When to See a Doctor
- !If you experience your first episode of true spinning vertigo — accurate diagnosis requires expert evaluation
- !Immediately if vertigo is accompanied by double vision, slurred speech, facial numbness, limb weakness, or difficulty swallowing — red flags for brainstem stroke
- !If vertigo attacks are recurrent and interfering with daily activities, work, or safety
- !If BPPV symptoms persist after attempting self-treatment — incorrect maneuvers can move crystals into a different canal
- !If you have vertigo with hearing loss — Meniere's disease and acoustic neuroma are treatable causes
Frequently Asked Questions
What is the most common cause of vertigo?
Benign Paroxysmal Positional Vertigo (BPPV) is the single most common cause of vertigo. It occurs when tiny calcium carbonate crystals (otoconia) become dislodged and migrate into one of the semicircular canals. When you change head position (rolling in bed, looking up, bending forward), these displaced crystals trigger an abnormal spinning sensation lasting seconds to under a minute. BPPV is diagnosed by the Dix-Hallpike maneuver and treated with canalith repositioning maneuvers (Epley maneuver for posterior canal BPPV) — a simple bedside procedure that repositions the displaced crystals. Dr. Lahre performs these maneuvers at Neurovision Clinic, and over 80 percent of patients are cured in one or two sessions.
How does Dr. Lahre distinguish peripheral from central vertigo?
This is the single most important question in vertigo evaluation because peripheral causes (inner ear) are usually benign, while central causes (brainstem or cerebellum) can be life-threatening. Dr. Lahre uses the HINTS exam (Head Impulse test, Nystagmus pattern, Test of Skew) — a validated bedside protocol more sensitive than early MRI for detecting posterior circulation stroke. Peripheral vertigo typically has unidirectional, horizontal nystagmus suppressed by fixation, a positive head impulse test, and absence of skew deviation. Central vertigo may show direction-changing nystagmus NOT suppressed by fixation, a normal head impulse test, or skew deviation — any of these three findings warrants urgent MRI. Additional red flags include neurological symptoms (double vision, slurred speech, facial numbness, limb weakness) and vascular risk factors.
What is Meniere's disease and how is it treated?

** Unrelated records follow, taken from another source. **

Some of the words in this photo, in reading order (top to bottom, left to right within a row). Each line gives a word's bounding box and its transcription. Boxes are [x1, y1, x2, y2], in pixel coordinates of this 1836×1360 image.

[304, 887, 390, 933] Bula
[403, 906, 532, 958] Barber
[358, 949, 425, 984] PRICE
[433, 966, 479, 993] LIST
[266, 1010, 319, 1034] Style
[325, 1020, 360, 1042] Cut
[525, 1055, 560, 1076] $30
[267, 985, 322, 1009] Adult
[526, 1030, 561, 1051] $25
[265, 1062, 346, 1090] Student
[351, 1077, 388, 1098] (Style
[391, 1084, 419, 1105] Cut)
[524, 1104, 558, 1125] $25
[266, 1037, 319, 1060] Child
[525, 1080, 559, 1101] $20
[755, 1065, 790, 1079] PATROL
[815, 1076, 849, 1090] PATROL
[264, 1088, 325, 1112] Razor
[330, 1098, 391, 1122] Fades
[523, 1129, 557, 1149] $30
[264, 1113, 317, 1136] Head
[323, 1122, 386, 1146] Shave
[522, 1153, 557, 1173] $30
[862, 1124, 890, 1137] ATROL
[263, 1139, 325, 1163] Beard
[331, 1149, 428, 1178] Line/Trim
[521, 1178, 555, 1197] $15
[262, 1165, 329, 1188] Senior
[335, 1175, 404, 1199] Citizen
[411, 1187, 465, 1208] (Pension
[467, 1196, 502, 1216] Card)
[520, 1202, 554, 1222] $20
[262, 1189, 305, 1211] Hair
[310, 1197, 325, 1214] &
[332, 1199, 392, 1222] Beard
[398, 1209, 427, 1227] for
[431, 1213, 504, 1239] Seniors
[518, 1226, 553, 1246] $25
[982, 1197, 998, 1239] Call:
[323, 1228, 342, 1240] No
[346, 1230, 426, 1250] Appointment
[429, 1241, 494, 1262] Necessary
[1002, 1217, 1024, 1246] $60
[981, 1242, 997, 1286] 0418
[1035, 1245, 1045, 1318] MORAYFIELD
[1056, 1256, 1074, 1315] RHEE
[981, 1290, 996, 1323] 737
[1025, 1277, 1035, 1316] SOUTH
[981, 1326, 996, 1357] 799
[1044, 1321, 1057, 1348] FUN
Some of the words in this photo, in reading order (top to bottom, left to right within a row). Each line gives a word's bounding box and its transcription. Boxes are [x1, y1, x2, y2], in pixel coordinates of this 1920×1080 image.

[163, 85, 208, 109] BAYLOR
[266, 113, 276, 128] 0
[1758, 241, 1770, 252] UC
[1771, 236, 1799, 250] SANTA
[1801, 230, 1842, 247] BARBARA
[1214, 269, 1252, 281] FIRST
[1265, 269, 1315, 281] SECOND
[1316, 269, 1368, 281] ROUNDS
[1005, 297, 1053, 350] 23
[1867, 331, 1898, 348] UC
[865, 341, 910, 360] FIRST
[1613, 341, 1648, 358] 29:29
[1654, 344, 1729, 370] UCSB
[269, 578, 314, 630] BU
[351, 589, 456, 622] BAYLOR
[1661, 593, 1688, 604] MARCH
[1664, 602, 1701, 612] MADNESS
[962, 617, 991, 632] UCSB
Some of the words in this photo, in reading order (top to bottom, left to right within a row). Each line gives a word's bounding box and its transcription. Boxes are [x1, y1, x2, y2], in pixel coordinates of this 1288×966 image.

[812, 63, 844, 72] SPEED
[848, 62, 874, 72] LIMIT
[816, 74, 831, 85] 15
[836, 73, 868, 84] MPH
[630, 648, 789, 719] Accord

Meniere's disease (endolymphatic hydrops) is a disorder of the inner ear with the classic tetrad of episodic vertigo (20 minutes to 12 hours), fluctuating sensorineural hearing loss, tinnitus, and aural fullness. Attacks are unpredictable and disabling. Diagnosis is clinical with audiometry confirmation. Dr. Lahre's treatment includes: dietary sodium restriction (under 2 grams per day), diuretics, vestibular suppressants for acute attacks (used sparingly for 48 hours only — prolonged use delays central compensation), and in refractory cases, coordination with ENT for intratympanic steroid or gentamicin injections.
Can neck problems cause vertigo?
Cervicogenic dizziness is a recognized entity where abnormal afferent input from the cervical spine causes a sensory mismatch with vestibular and visual inputs. The upper cervical spine (C1-C3) has a high density of proprioceptive receptors that project to the vestibular nuclei. Patients experience a floating, unsteady sensation rather than true spinning, worsened by neck movements, and associated with neck pain or stiffness. Dr. Lahre makes this diagnosis only after carefully excluding more common peripheral and central causes. Treatment focuses on addressing the cervical pathology with physiotherapy and postural correction.